P2X7 receptor regulates sympathoexcitatory response in myocardial infarction rats via NF-κB and MAPK pathways.

Previous studies have provided evidence for the regulatory effect of P2X7 receptor (P2X7R) on cardiovascular activities. Our study focused on exploring the function and fundamental mechanism of microglial P2X7R in controlling sympathoexcitatory response using rats with acute myocardial infarction (AMI). Coronary artery ligation was used in rats to cause AMI. And before that, rats were administrated with P2X7R siRNA that targeted P2X7R mRNA into paraventricular nucleus (PVN) or BBG (Brilliant Blue G, a P2X7 receptor antagonist). Increased expression levels of P2X7R and adenosine triphosphate (ATP) were observed in the hypothalamic PVN of AMI rats. Moreover, the knockdown of P2X7R expression by P2X7-siRNA or suppression of P2X7 receptor by BBG attenuated the elevation of both vasopressin and oxytocin levels in the PVNs of AMI rats. There was also a decrease in renal sympathetic nerve activity (RSNA) by P2X7-siRNA and BBG. Besides, inflammation was alleviated by P2X7-siRNA and BBG through suppressing pro-inflammatory cytokines IL-1β and IL-6 in PVN of AMI rats.
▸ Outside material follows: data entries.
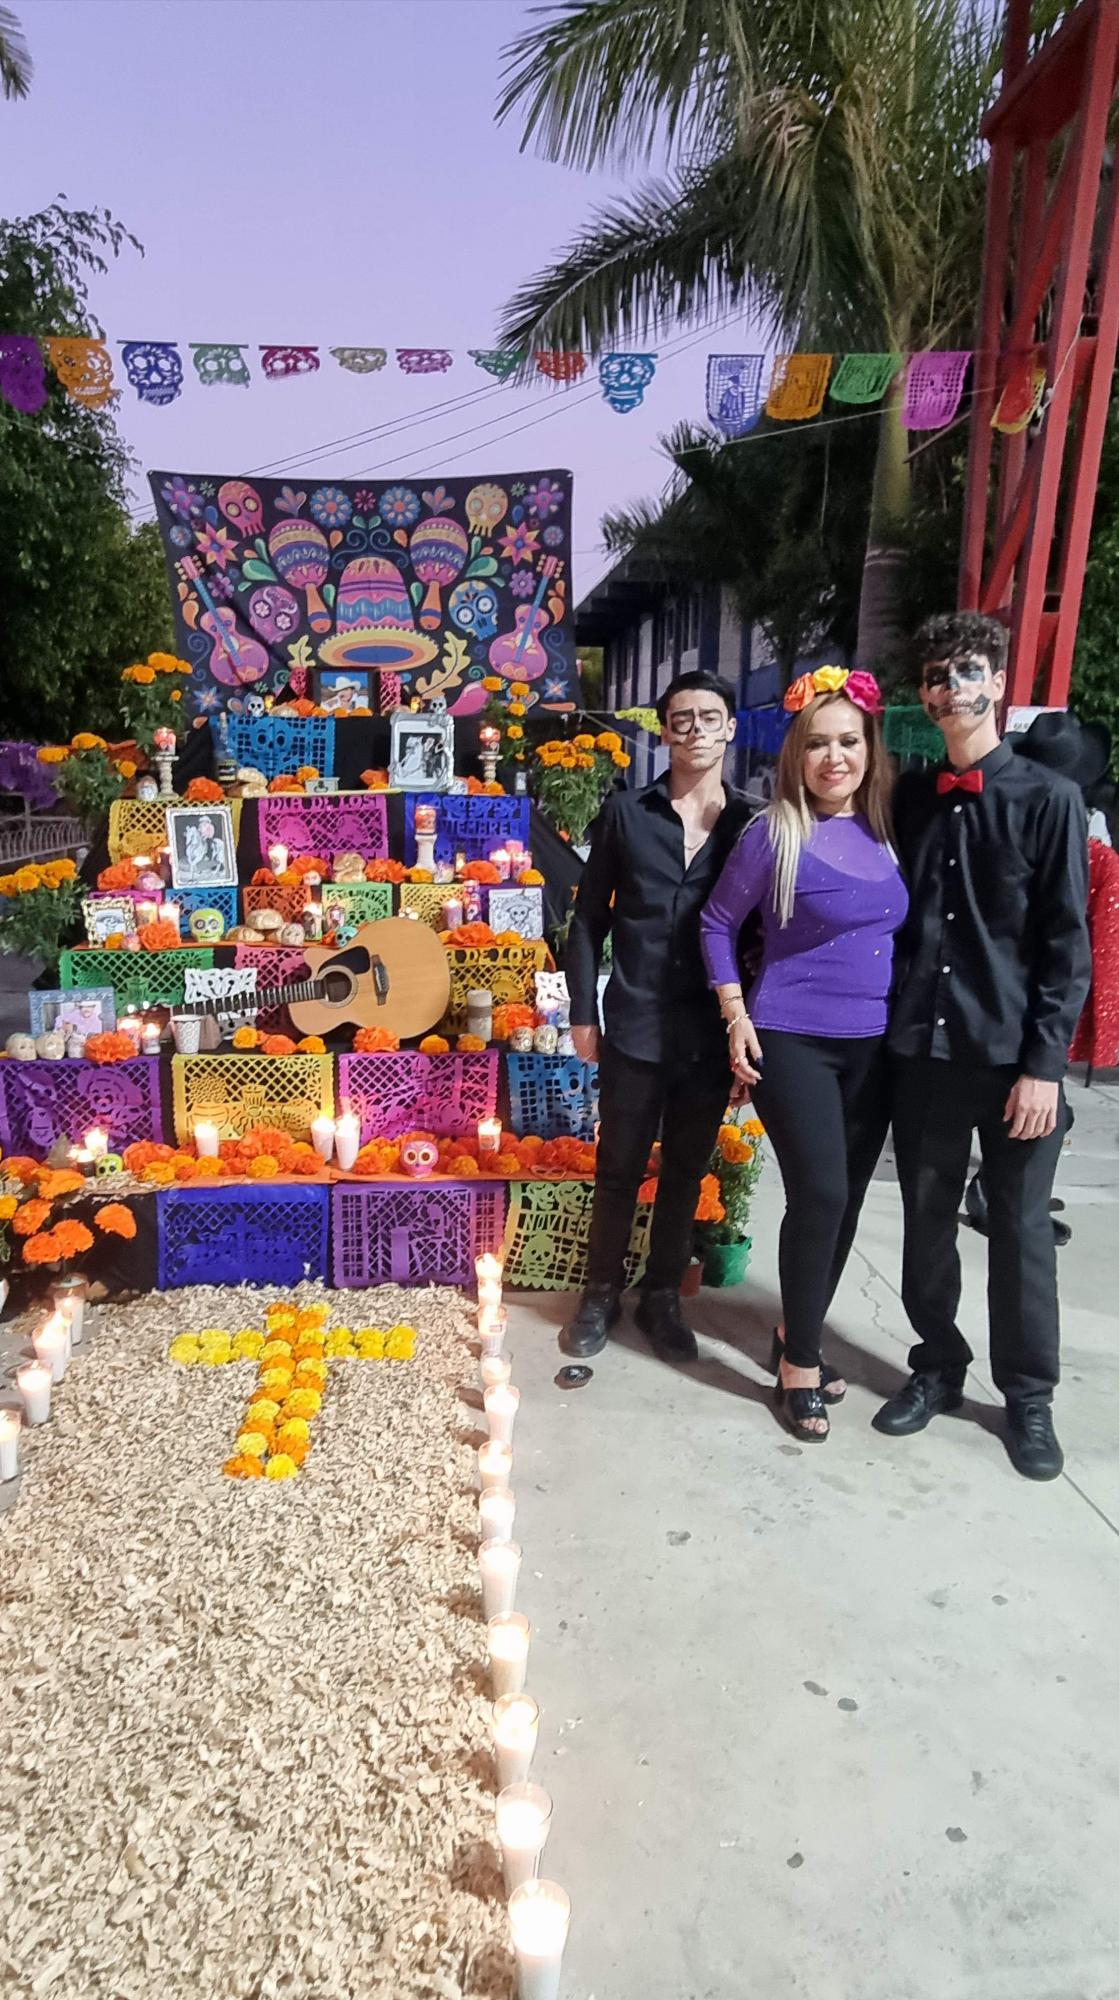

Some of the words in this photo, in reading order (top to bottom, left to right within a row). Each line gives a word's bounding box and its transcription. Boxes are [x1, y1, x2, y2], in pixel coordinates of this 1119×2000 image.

[339, 795, 376, 810] LOS
[442, 819, 510, 836] VIEMBRE
[465, 947, 491, 964] DE
[498, 946, 536, 963] LOS
[523, 1213, 591, 1237] NOVIEM
Furthermore, blockade of P2X7R moderated the process of cardiac remodeling. This was achieved due to the regulatory effect of P2X7R on sympathoexcitatory response by influencing NF-κB and mitogen-activated protein kinase (MAPK) signaling. These findings suggest that P2X7R can act as a new regulator of sympathoexcitatory response via NF-κB and MAPK signaling pathways in AMI rats.